* _TASK DETAILS_
Exact copies of all entries are needed. Pictures are to be left out.

──────────────────────────────

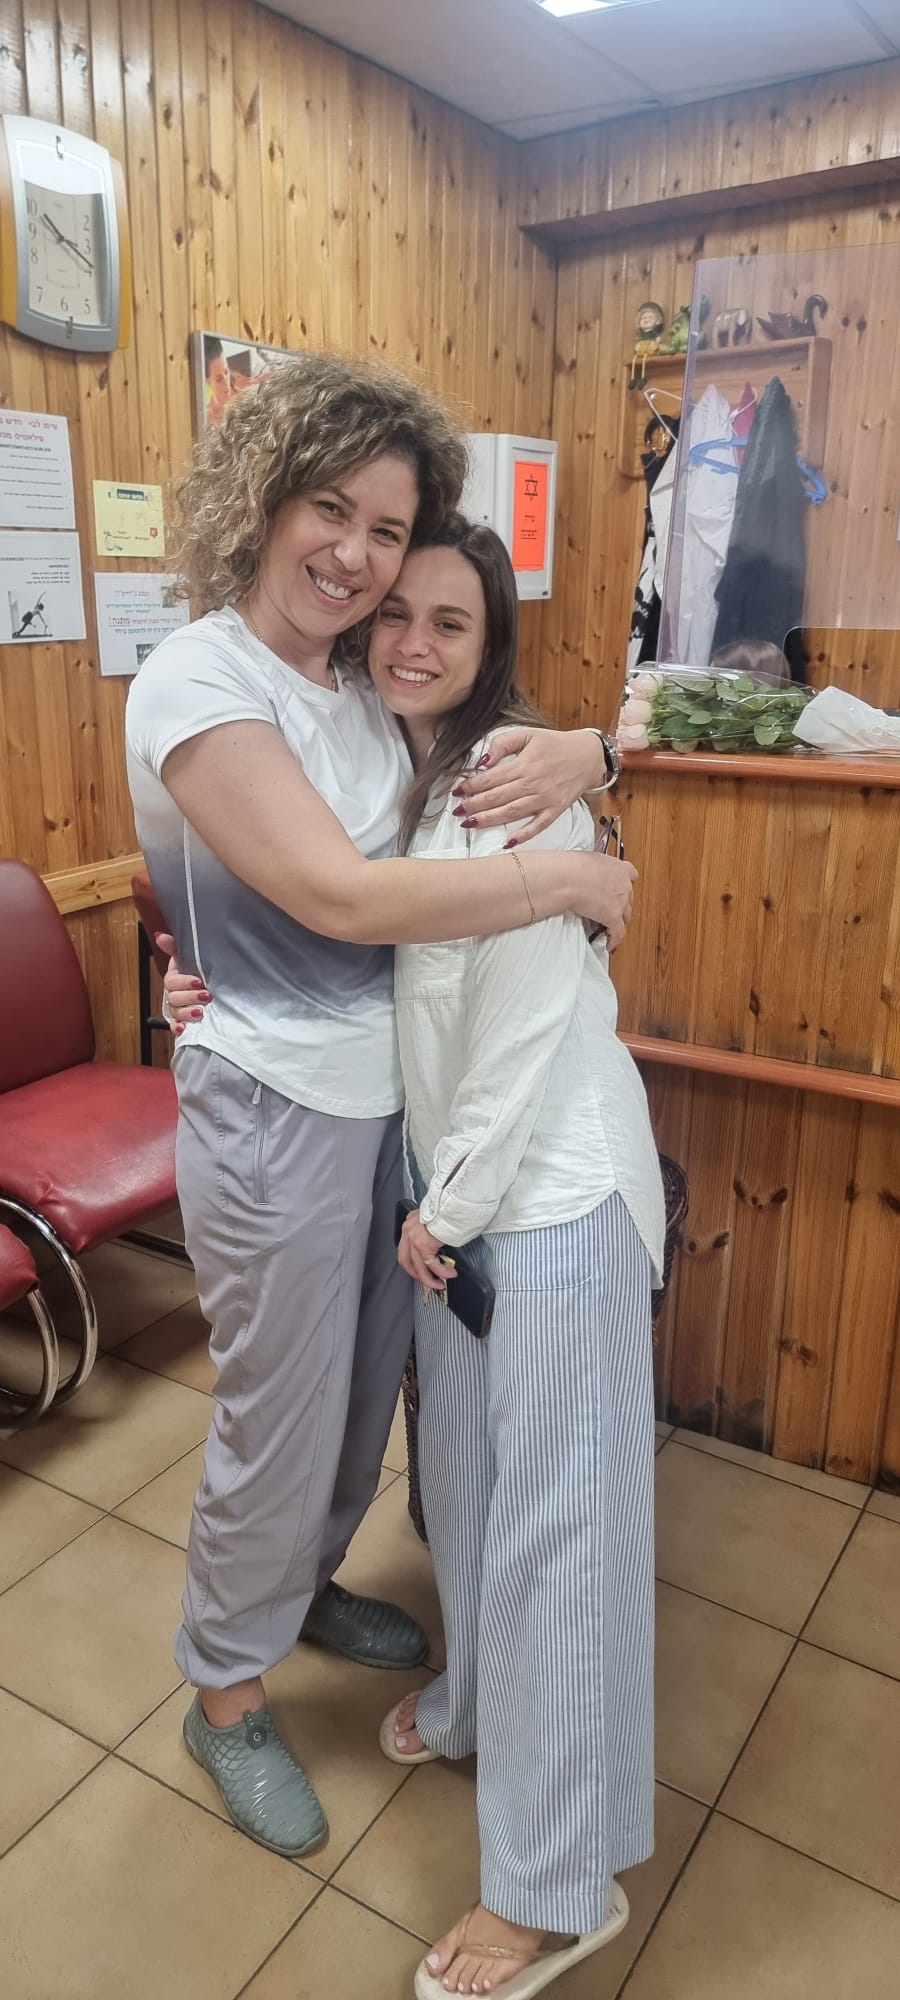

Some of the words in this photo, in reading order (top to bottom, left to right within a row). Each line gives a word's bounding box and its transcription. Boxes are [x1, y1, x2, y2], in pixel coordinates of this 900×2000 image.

[26, 197, 38, 217] 10
[28, 222, 37, 239] 9
[83, 214, 90, 232] 2
[31, 247, 39, 264] 8
[36, 285, 43, 303] 7
[60, 296, 69, 312] 6
[83, 298, 91, 314] 5

──────────────────────────────

* _WRITTEN ANSWER_
Some of the words in this photo, in reading order (top to bottom, left to right within a row). Each line gives a word's bounding box and its transcription. Boxes are [x1, y1, x2, y2], in pixel coordinates of this 900×2000 image.

[26, 197, 38, 217] 10
[28, 222, 37, 239] 9
[83, 214, 90, 232] 2
[31, 247, 39, 264] 8
[36, 285, 43, 303] 7
[60, 296, 69, 312] 6
[83, 298, 91, 314] 5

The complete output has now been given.